Arroyo loses her voice, undergoes therapy
MANILA, Philippines—Pampanga Rep. Gloria Macapagal-Arroyo’s blood pressure has already stabilized but is now undergoing therapy for loss of voice, according to her ally, Mayor Jerry Pelayo of Candaba, Pampanga.
“She has been advised by her doctors against talking to visitors or on the phone. But apparently, she still has her cellphone with her,” Pelayo told reporters in an interview at St. Luke’s Medical Center at Global City in Taguig City.
“Maybe there were times that she still make or take calls on her cellphone despite her doctors’ advise not to talk too much,” he said. “What I know was that she was being prepared for discharge either today or tomorrow (Friday). Except for the loss of voice, she’s okay; she’s recovering well.”
He said Arroyo, who was wearing a neck brace, has always been accompanied in the hospital by her daughter Luli Arroyo-Bernas.
Pelayo said the only thing that worries him when the former president goes out of the hospital was the possibility that she would return to work sooner than her doctors would want her to.
“I was able to talk to her surgeon, Dr. (Mario) Ver and he said she needs a complete rest at least for three weeks. But the problem is, she might return to work sooner, knowing how workaholic she is. Siguro hinahanap din ng katawan nya yon (work),” Pelayo added.
The hospital has not issued any medical bulletin for the last three days.
Apart from preventing her from using her cellphone, doctors earlier said that their VIP patient had also been advised against watching TV and reading the papers, saying hearing “the news around her” could hamper her recovery.

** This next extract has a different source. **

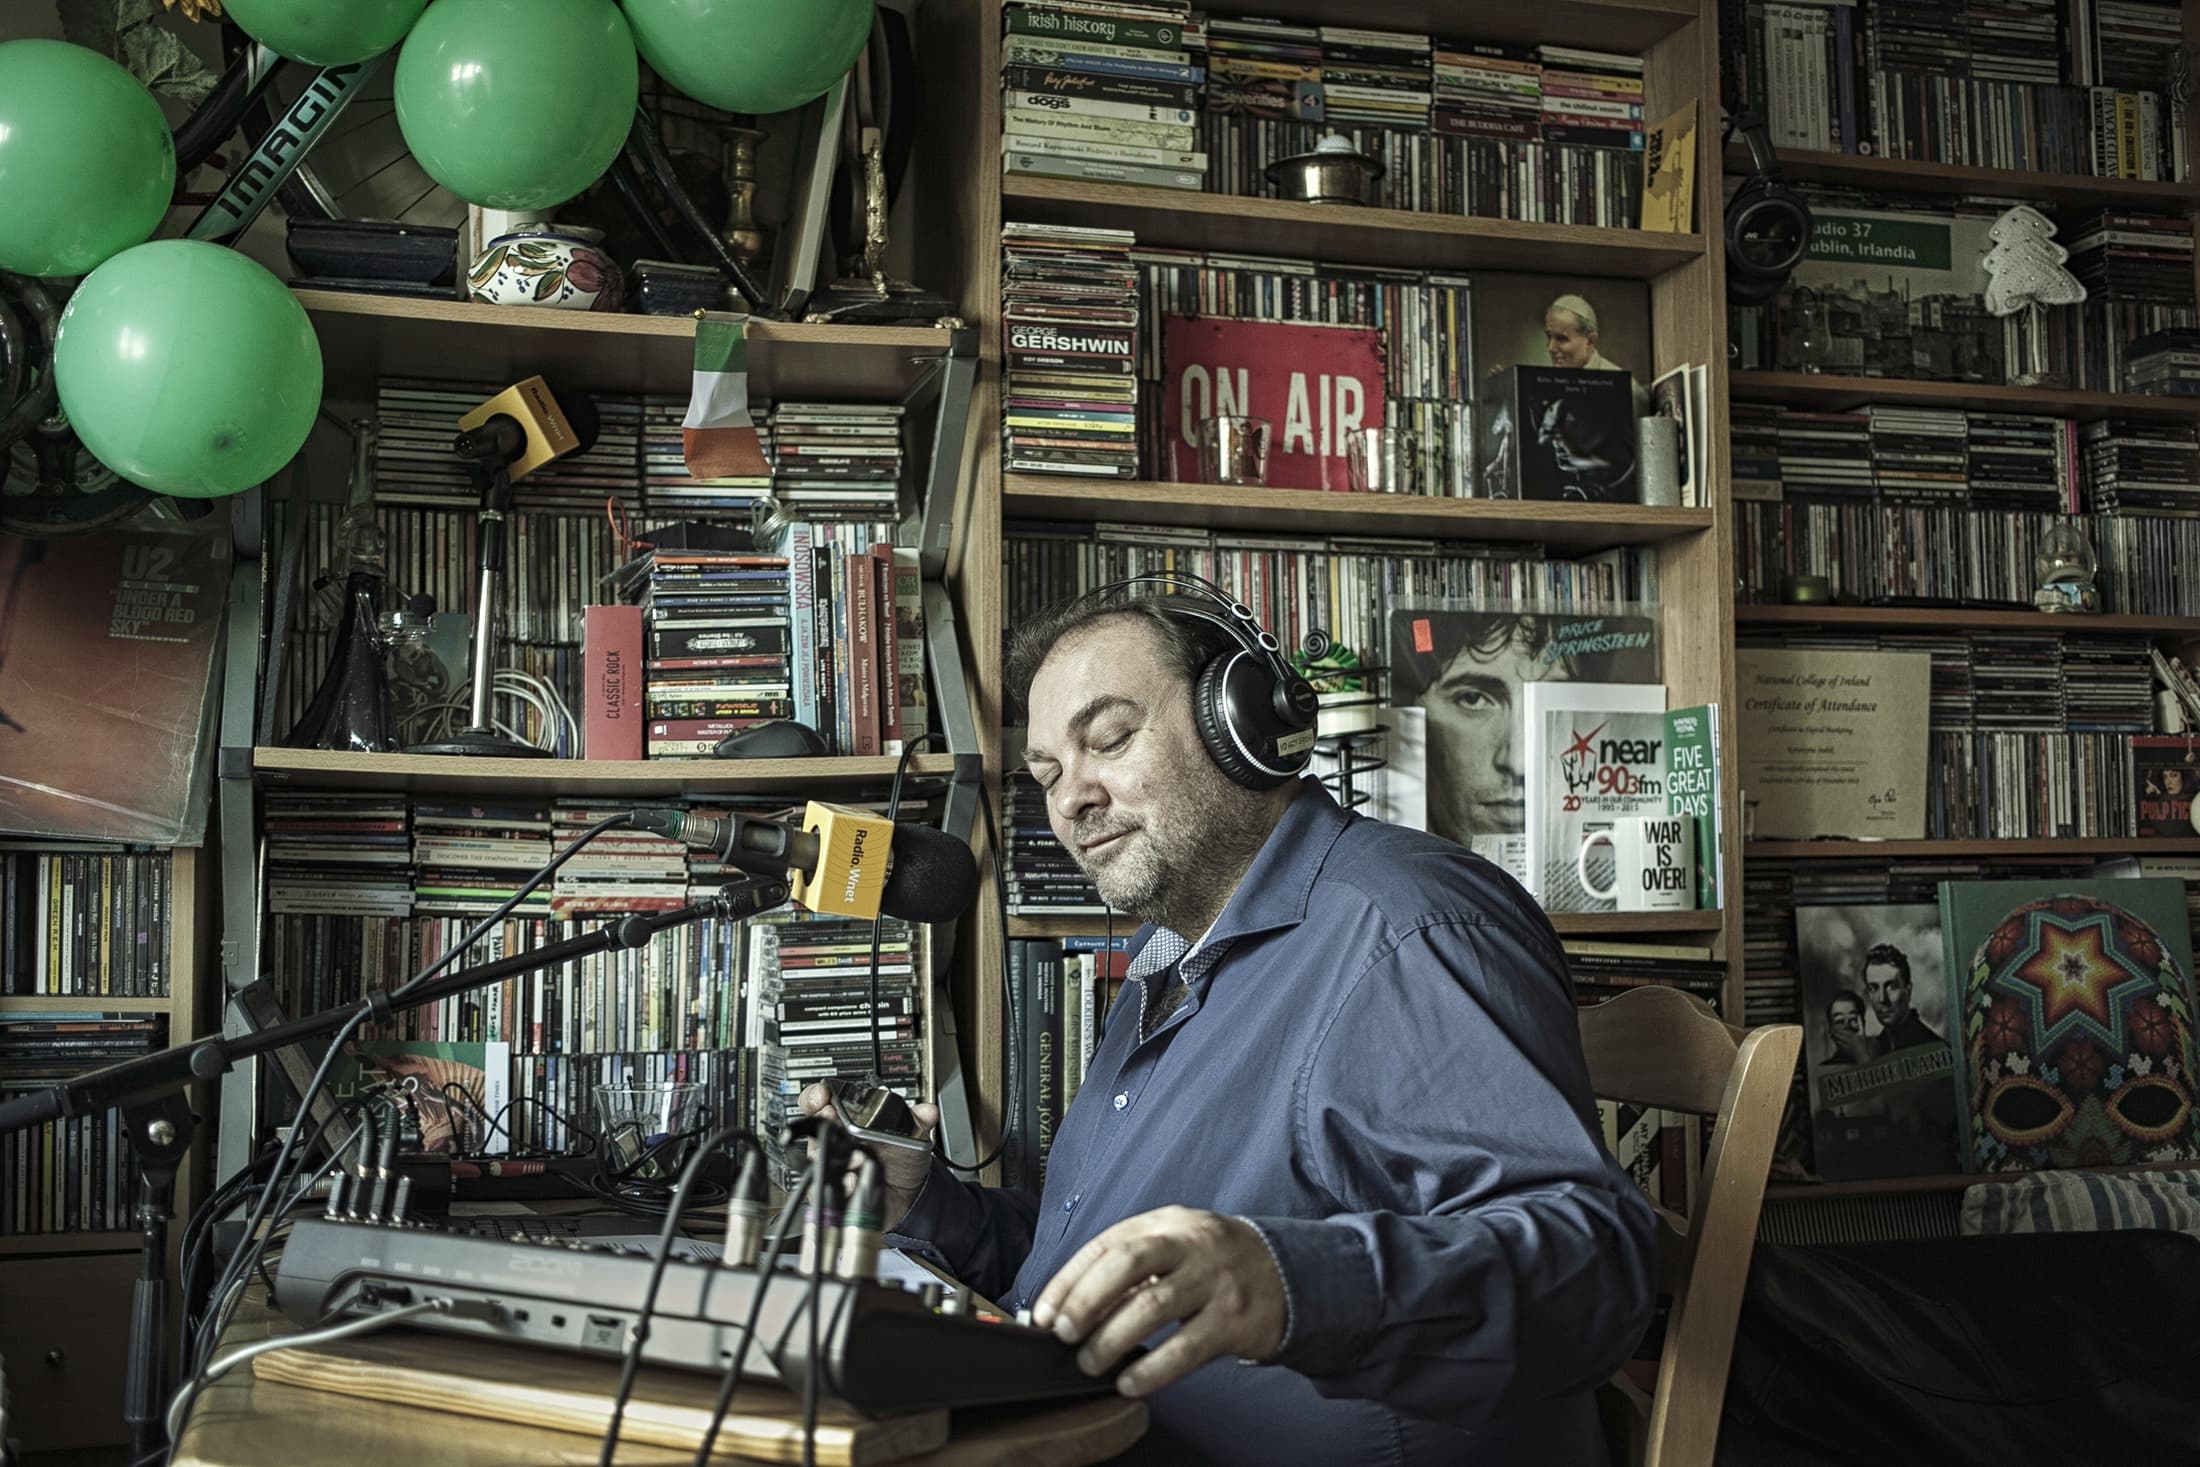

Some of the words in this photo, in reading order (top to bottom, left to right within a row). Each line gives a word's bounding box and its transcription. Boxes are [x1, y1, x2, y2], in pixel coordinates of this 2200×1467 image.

The antistress prescription came as Arroyo faced a string of plunder complaints and revived allegations of election fraud during her presidency.
“No TV and newspapers. We are asking her to stop texting,” Arroyo’s main attending physician, Dr. Juliet Gopez-Cervantes, told reporters Monday.
“I think occasionally (she uses her phone), maybe when we (doctors) have our backs turned. If only we can shut her off completely from all the news around her, then by all means,” Cervantes said.
Cervantes on Monday reported that despite antihypertensive medication, the former President’s blood pressure “persistently” rose in the range of 140/80 to 170/90.
She said Arroyo had also lost her appetite but that this was normal “especially for somebody who had received steroids to lower swelling and the risk of rejection of the implant.”
Doctors were also giving Arroyo antibiotics to reduce the risk of infection, Cervantes said.
Surgeons corrected a portion of Arroyo’s spine in the neck that had become misaligned, a condition that doctors said could lead to paralysis if not treated.
Doctors attached a titanium plate to four levels of her spine to treat a condition called cervical spondylosis, an otherwise common age-related deterioration of the bones.
“Medically, she is not in a serious [condition],” Cervantes said. “However, we are closely monitoring her. As doctors, we can manage only mostly the medical part. But the external factors, it’s really hard to control… That’s why we are asking her to lower the risk of probable complications (and) help herself relax.”